_Free-text object descriptions_.

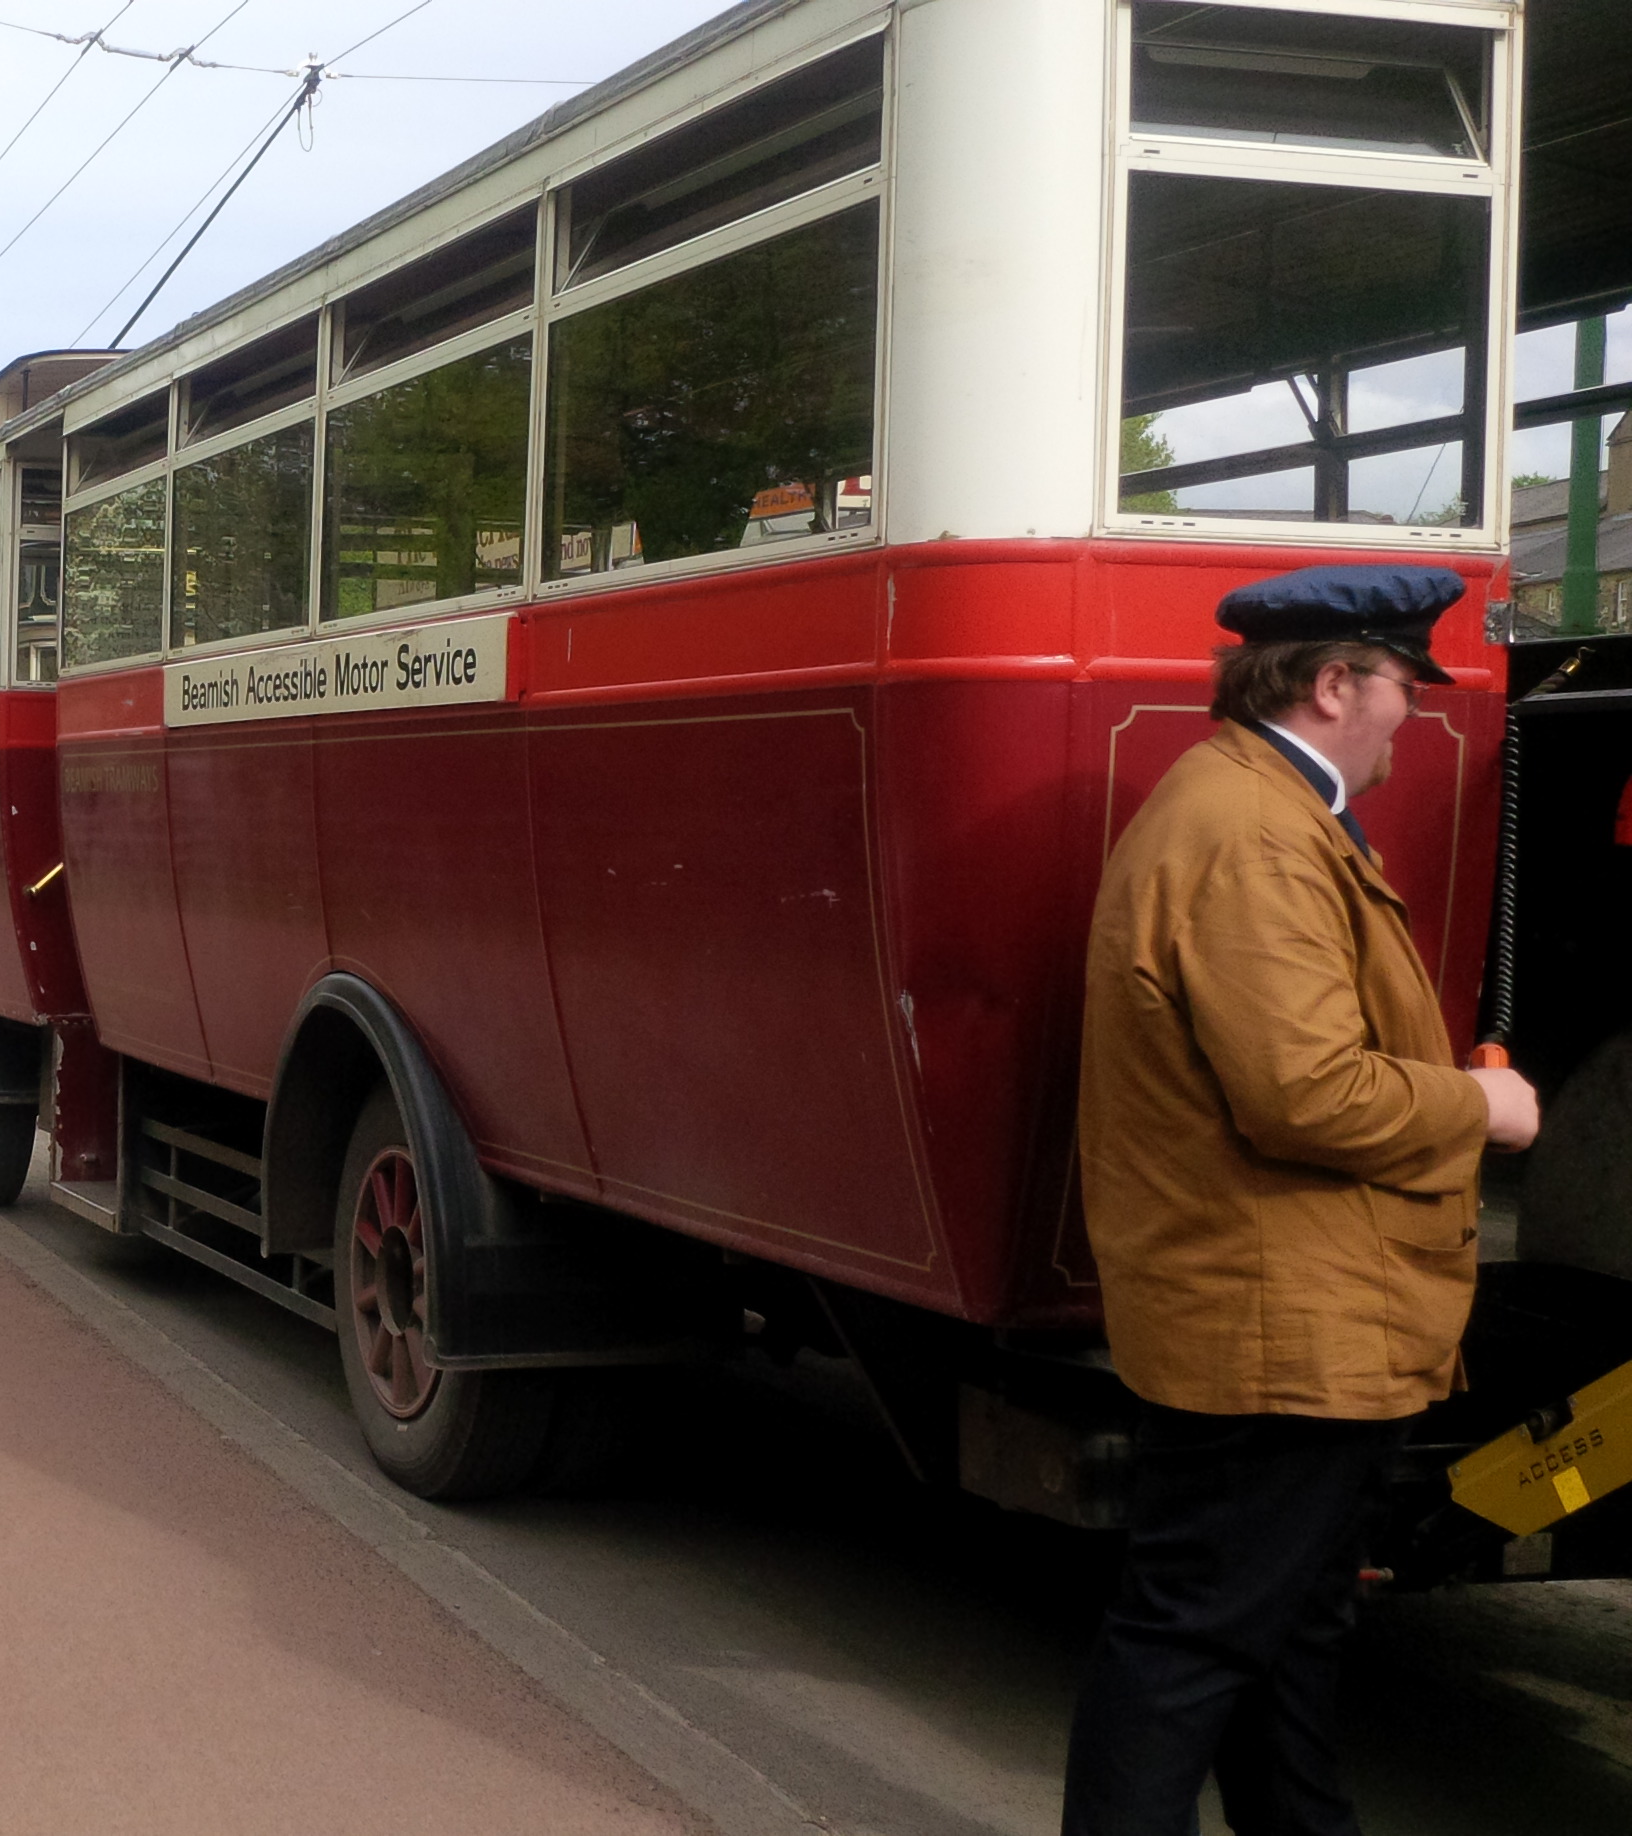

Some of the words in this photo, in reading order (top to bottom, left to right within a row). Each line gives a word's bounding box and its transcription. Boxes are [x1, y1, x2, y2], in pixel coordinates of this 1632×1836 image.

[182, 669, 239, 711] Beamish
[245, 657, 327, 705] Accessible
[334, 652, 389, 696] Motor
[396, 638, 477, 690] Service
[64, 767, 102, 792] BEAMISH
[104, 765, 159, 792] TRAMWAYS
[1520, 1429, 1603, 1487] ACCESS

_EXERCISE DESCRIPTION_.
Please print all the data above word for word. Pictures should not appear in the copy.

_TASK RESPONSE_.
Some of the words in this photo, in reading order (top to bottom, left to right within a row). Each line gives a word's bounding box and its transcription. Boxes are [x1, y1, x2, y2], in pixel coordinates of this 1632×1836 image.

[182, 669, 239, 711] Beamish
[245, 657, 327, 705] Accessible
[334, 652, 389, 696] Motor
[396, 638, 477, 690] Service
[64, 767, 102, 792] BEAMISH
[104, 765, 159, 792] TRAMWAYS
[1520, 1429, 1603, 1487] ACCESS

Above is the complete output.